この日は文句なしの満月で、お酒が飲める人はこの景色で飲めるんだろうな…と思ったその時。


「…ん?キアノ…ス…!?」


青年の前に、身体自体がほのかに光ってる淫魔サキュバスが現れたのだ。


「はぁ…はぁ…マブロ…マブロぉ…」

「ど、どうしたんだよ…しかも、なんか弱ってないか…?」

「あのねぇ…ボク、なんで戻れないか、思い出したんだぁ…」

「思い出したって…おわっ!?」


弱ってると言うか、火照ってるキアノスに押し倒されてしまった。そして、彼女の唇が青年の唇にくっつく。

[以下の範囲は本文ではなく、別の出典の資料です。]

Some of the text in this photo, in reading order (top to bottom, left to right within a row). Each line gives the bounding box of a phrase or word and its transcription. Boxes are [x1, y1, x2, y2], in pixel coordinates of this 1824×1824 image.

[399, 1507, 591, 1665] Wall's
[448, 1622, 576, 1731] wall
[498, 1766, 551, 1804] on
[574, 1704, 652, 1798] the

なんとキスである。


「ボクたち淫魔サキュバスはぁ…男の人の精が、重要だったんだよぉ…」

「…本当にそっちだったのかよ…」


そう、「別の予感」とは精力不足。旅に着いてきてから、彼女が「そういう事」をやってた形跡はなかったし、青年自身もその辺りを全く気にしてなかった。

これまではそれでもなんとかなってたのかも知れないが、あの煙で魔物に戻されてしまったことで、精力不足の影響が顕著に出てしまったのだろう。

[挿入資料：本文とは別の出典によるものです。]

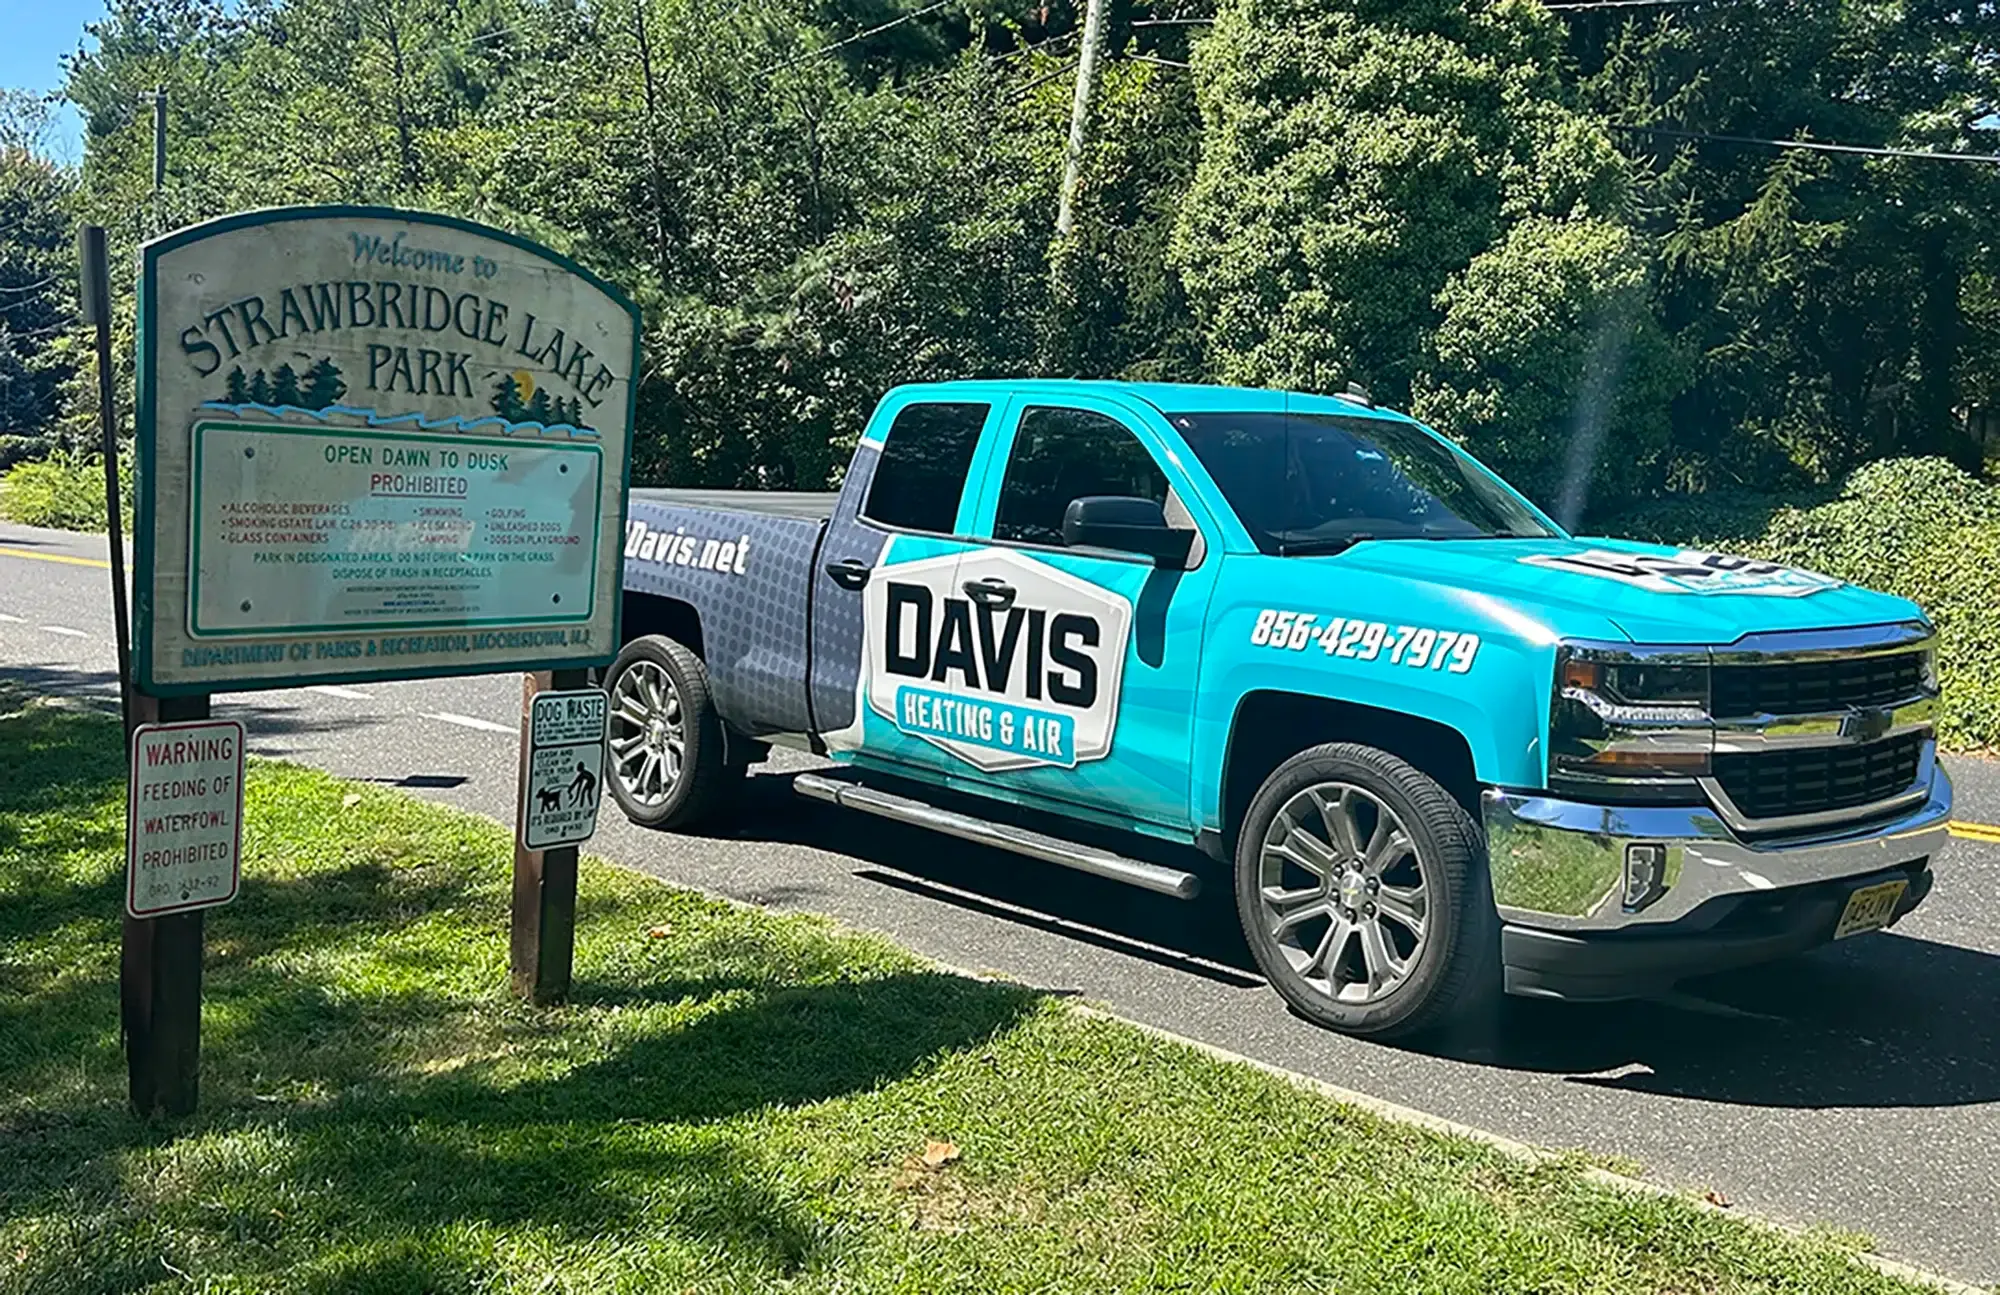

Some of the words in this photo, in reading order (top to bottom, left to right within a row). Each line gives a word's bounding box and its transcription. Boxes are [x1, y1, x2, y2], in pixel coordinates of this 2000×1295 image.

[349, 231, 465, 276] Welcome
[475, 254, 499, 279] to
[180, 280, 509, 378] STRAWBRIDGE
[518, 313, 617, 408] LAKE
[367, 344, 475, 398] PARK
[324, 445, 373, 464] OPEN
[382, 447, 430, 468] DAWN
[440, 451, 459, 469] TO
[468, 452, 509, 471] DUSK
[370, 473, 468, 494] PROHIBITED
[228, 502, 289, 514] ALCOHOLIC
[292, 504, 350, 516] BEVERAGES
[228, 517, 276, 529] SMOKING
[228, 531, 263, 544] GLASS
[265, 532, 329, 544] CONTAINERS
[624, 519, 751, 576] Davis.net
[182, 644, 286, 668] DEPARTMENT
[289, 642, 314, 662] OF
[316, 639, 361, 660] PARKS
[364, 639, 377, 657] &
[885, 581, 1100, 709] DAVIS
[537, 702, 562, 722] DOG
[567, 699, 604, 719] WASTE
[904, 692, 993, 741] HEATING
[1000, 711, 1015, 746] &
[1023, 714, 1064, 757] AIR
[146, 737, 233, 766] WARNING
[536, 749, 558, 760] LEASH
[560, 748, 574, 758] AND
[143, 779, 207, 801] FEEDING
[213, 776, 232, 795] OF
[144, 811, 229, 835] WATERFOWL
[142, 842, 229, 870] PROHIBITED

更にこの満月である。一部の魔物は月の光で強くなる…という噂があったが、どうやら彼女サキュバスもらしい。強くなるのは力だけなく、欲望も強くなったようだ。


「お願い、マブロぉ…ボクに…ボクにぃ…」

「…そういうことなら、付き合ってやる。ただ、場所は移したほうがいいな…」

「マブロ…マブロぉ…!」


こうして青年とキアノス(サキュバス)は宿から姿を消し、翌朝になっても戻ってくることはなかった。


・・・・・


翌昼、二人が予定の場所で見たものは


「すぅ…すぅ…マブロ…」

安らかに眠る、人間に化けたキアノスと

「キアノス…ごめんな…」

キアノスを抱きしめ、なにかにうなされる青年であった。


「これは…どうやって起こしましょうか?」

「ここはやっぱり…起きろーっ!!!」


「うわっ、キアノスっ!!…あれ、夢?」

「むにゃむにゃ…」


(続く)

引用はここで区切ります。